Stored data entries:
━━━━━━━━━━

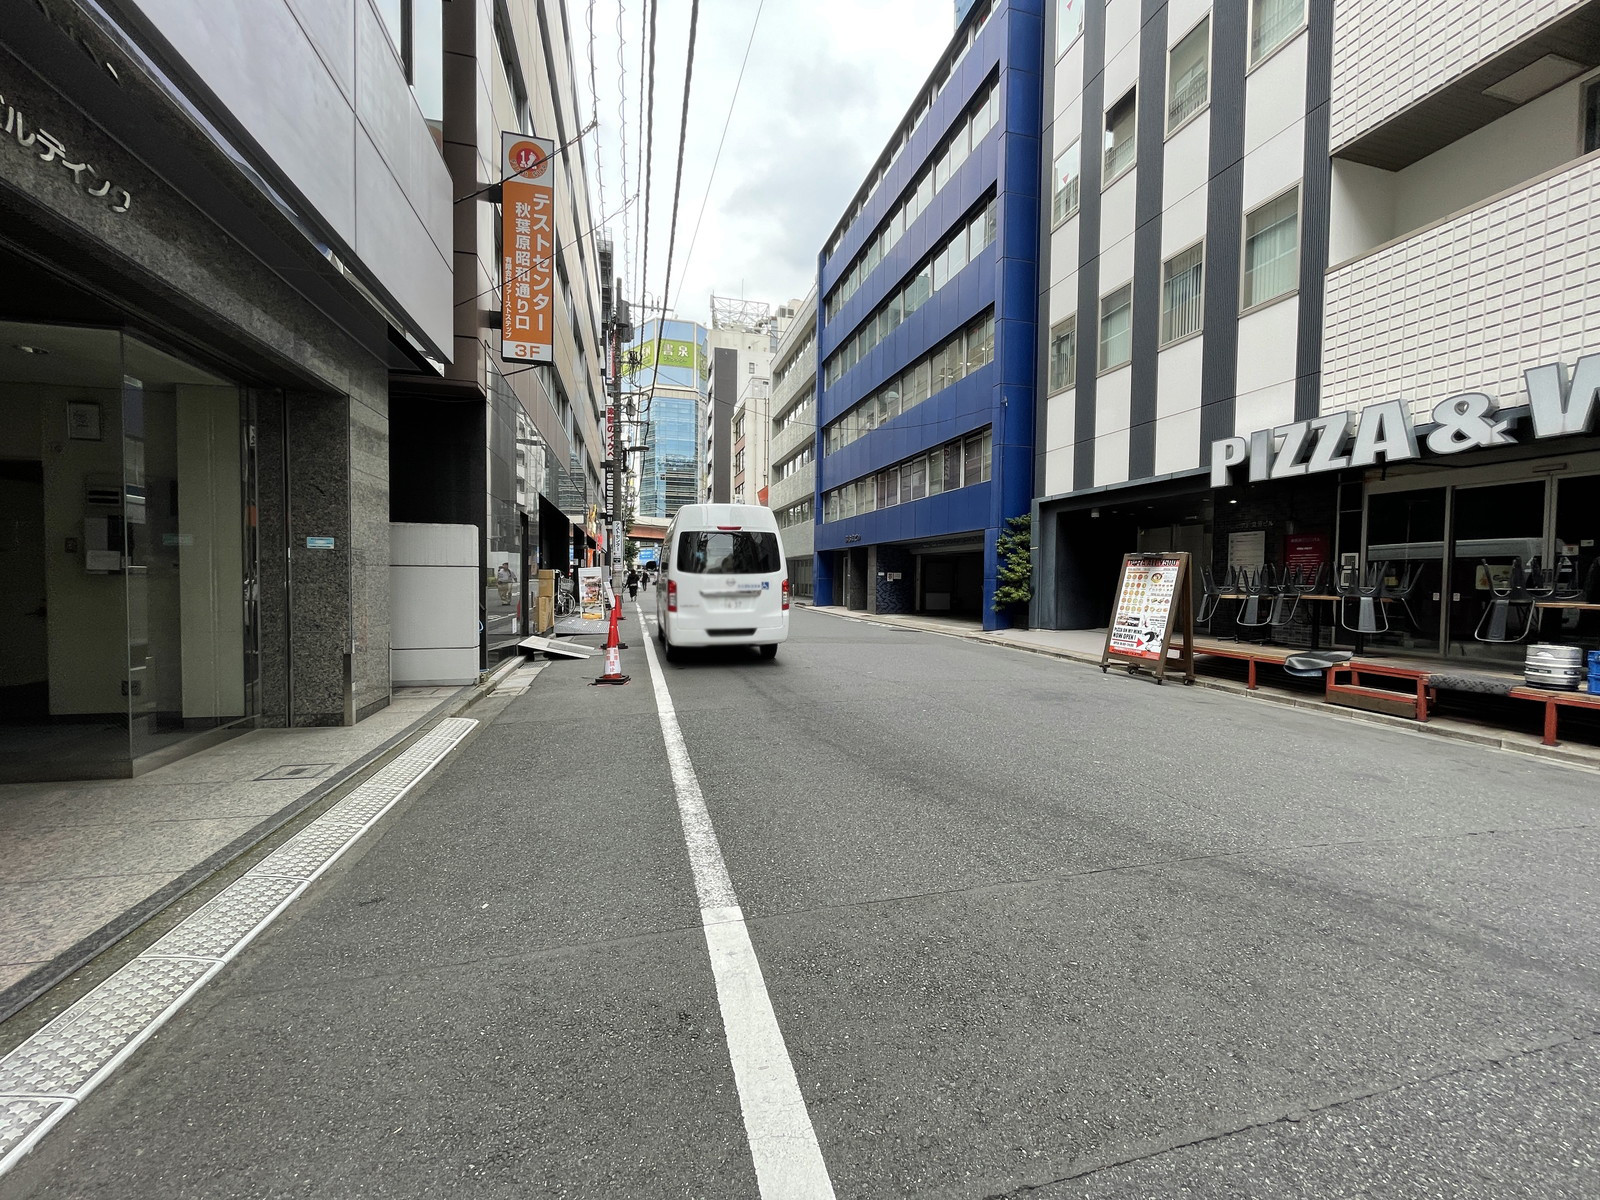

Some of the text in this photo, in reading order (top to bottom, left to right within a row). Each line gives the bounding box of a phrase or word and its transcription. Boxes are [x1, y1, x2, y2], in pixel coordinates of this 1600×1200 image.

[515, 202, 531, 330] 秋葉原昭和通り口
[532, 193, 550, 332] テストセンター
[514, 344, 540, 358] 3F
[1210, 399, 1420, 488] PIZZA
[1426, 392, 1519, 456] &
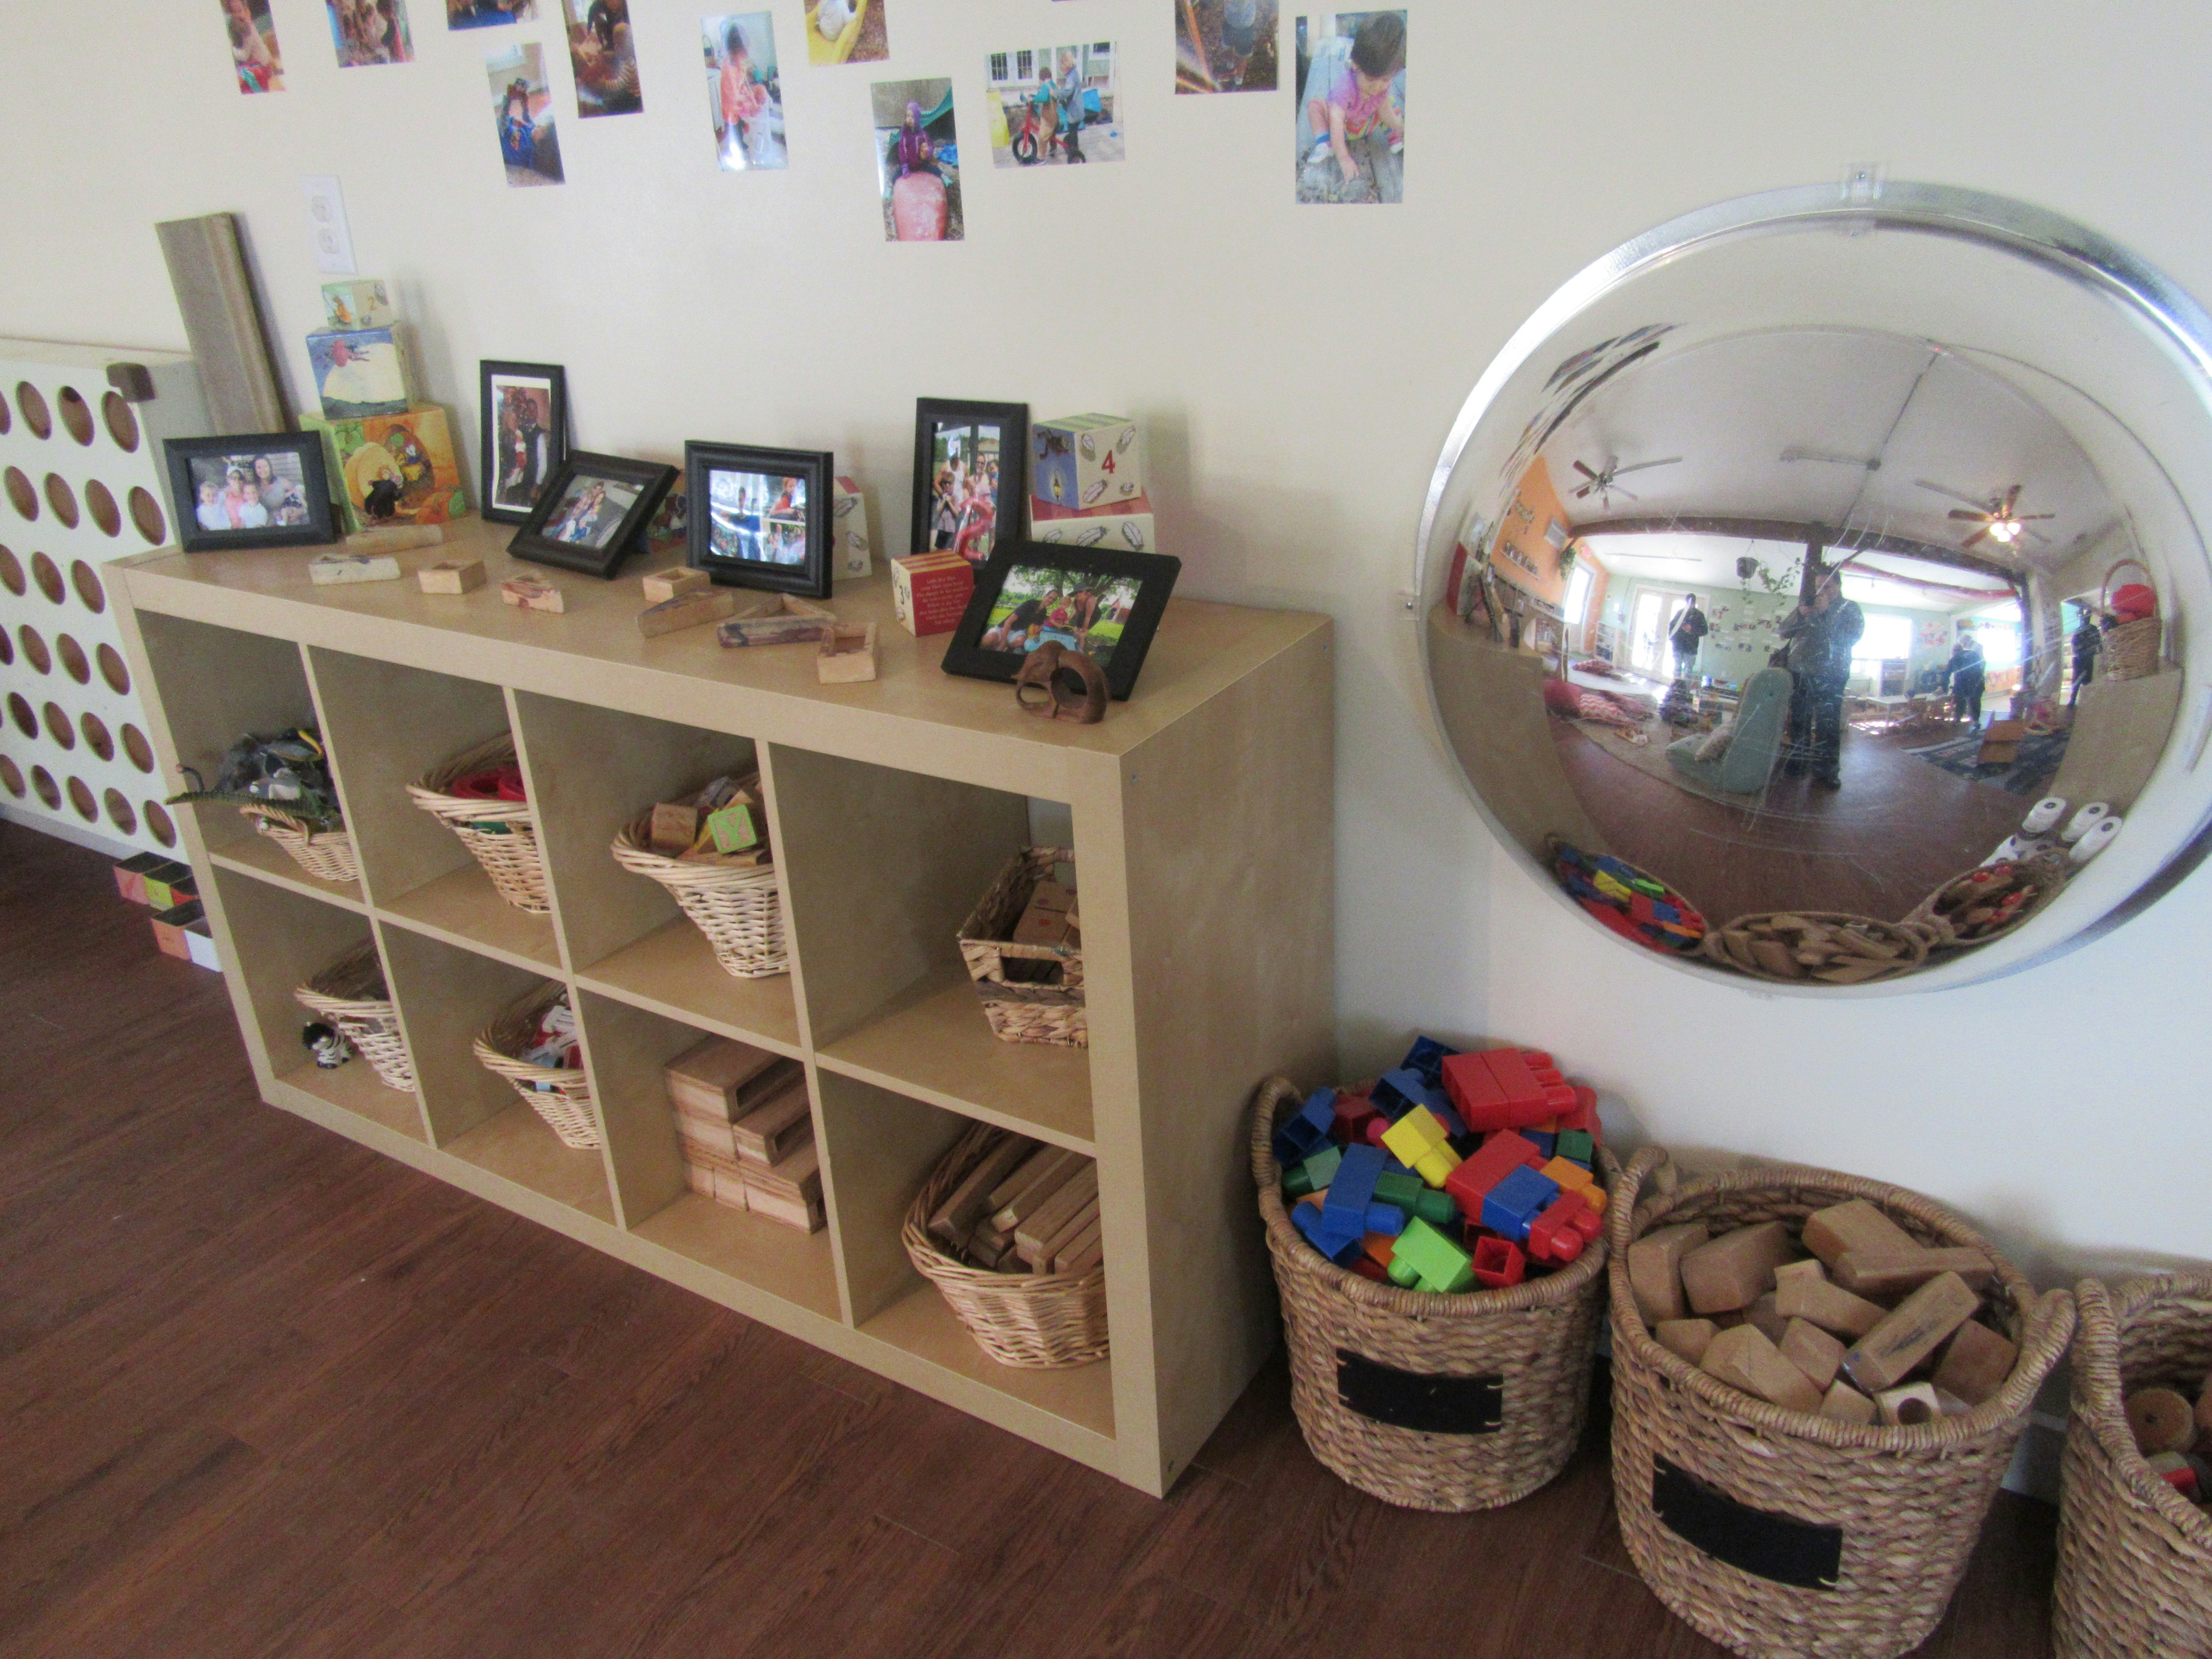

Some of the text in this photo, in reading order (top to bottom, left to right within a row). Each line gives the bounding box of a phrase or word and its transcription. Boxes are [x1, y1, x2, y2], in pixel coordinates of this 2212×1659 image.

[1102, 450, 1115, 474] 4
[899, 585, 904, 605] 3
[716, 814, 742, 844] Y
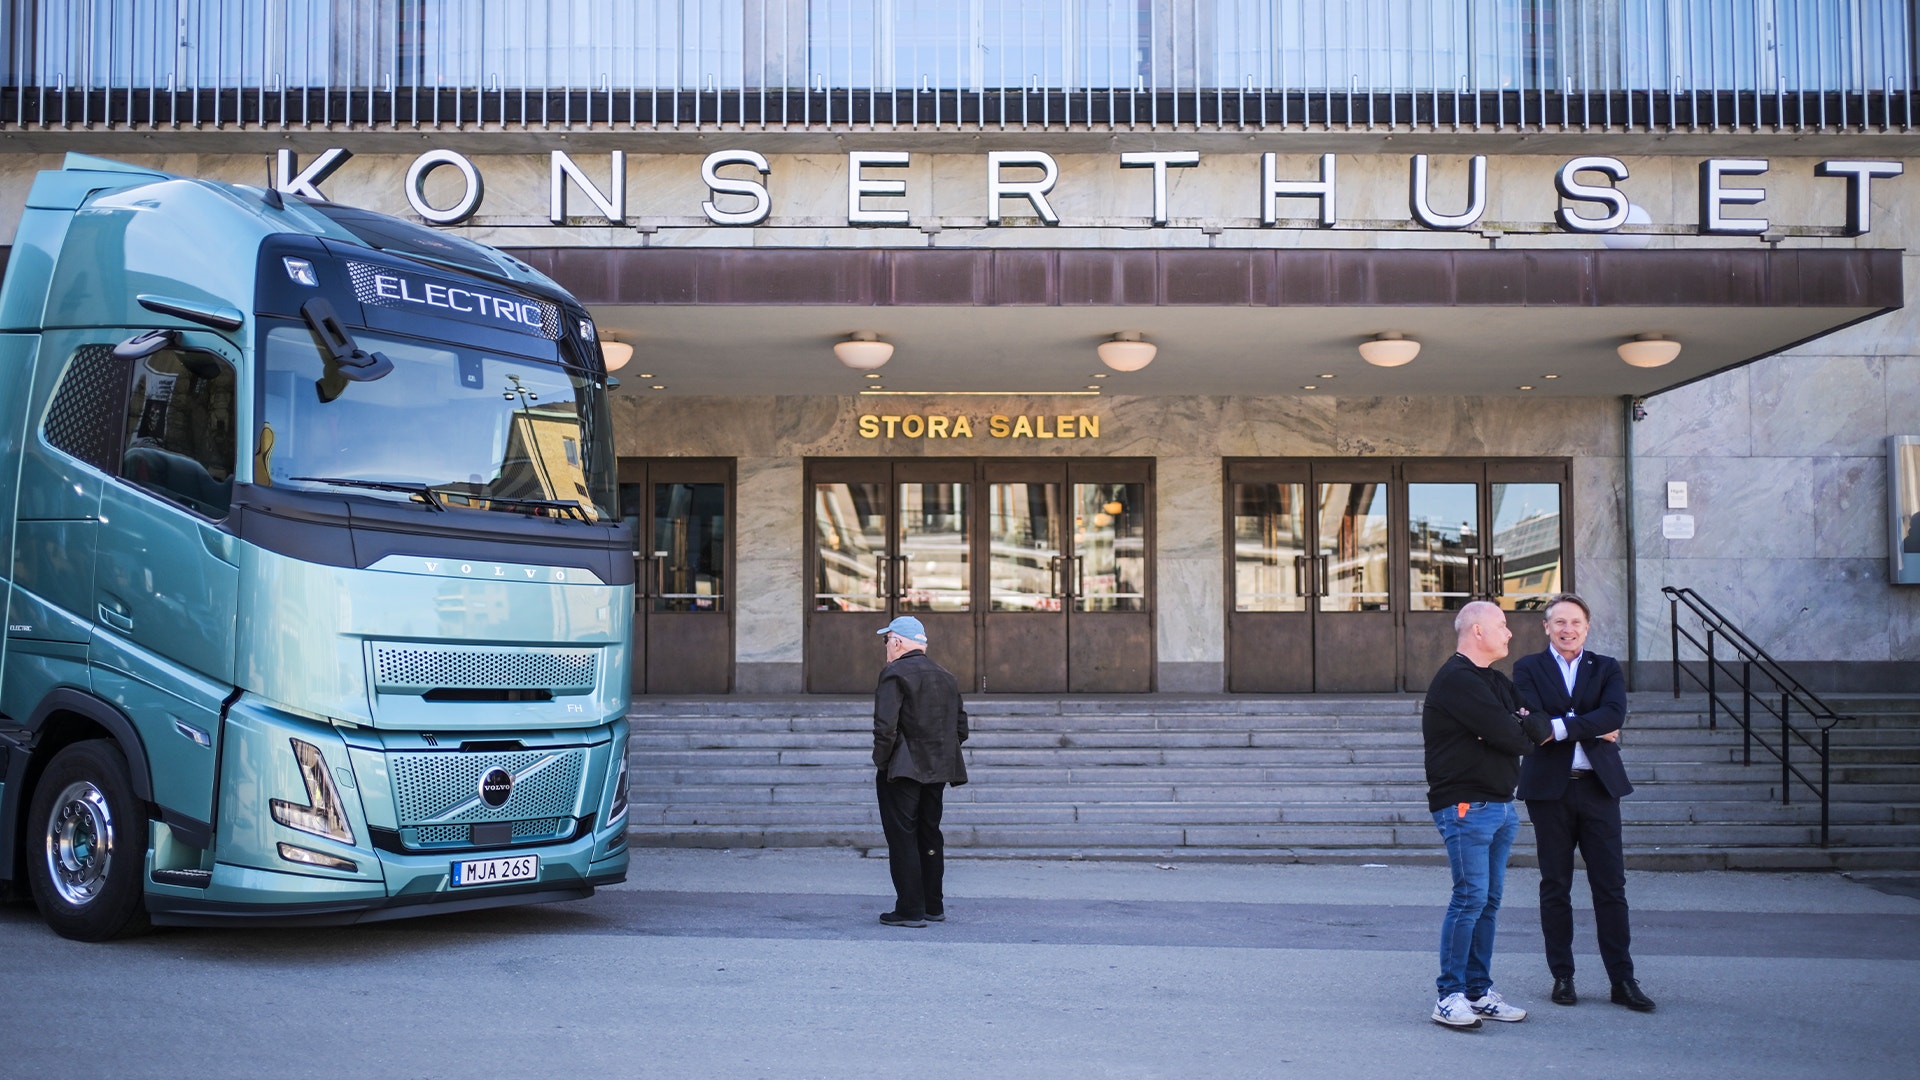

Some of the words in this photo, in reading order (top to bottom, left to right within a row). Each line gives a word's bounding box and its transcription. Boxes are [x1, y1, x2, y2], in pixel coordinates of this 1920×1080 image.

[276, 147, 1904, 238] KONSERTHUSET
[374, 274, 543, 327] ELECTRIC
[859, 414, 973, 438] STORA
[990, 415, 1099, 438] SALEN
[424, 561, 565, 581] VOLVO
[567, 703, 583, 713] FH
[466, 861, 497, 882] MJA
[501, 859, 531, 879] 26S

━━━━━━━━━━

* WHAT IS NEEDED
Only a word-for-word repetition of the lines from the one containing "Some of the words" to the final line of the data above counts as the answer.

* EXERCISE ANSWER
Some of the words in this photo, in reading order (top to bottom, left to right within a row). Each line gives a word's bounding box and its transcription. Boxes are [x1, y1, x2, y2], in pixel coordinates of this 1920×1080 image.

[276, 147, 1904, 238] KONSERTHUSET
[374, 274, 543, 327] ELECTRIC
[859, 414, 973, 438] STORA
[990, 415, 1099, 438] SALEN
[424, 561, 565, 581] VOLVO
[567, 703, 583, 713] FH
[466, 861, 497, 882] MJA
[501, 859, 531, 879] 26S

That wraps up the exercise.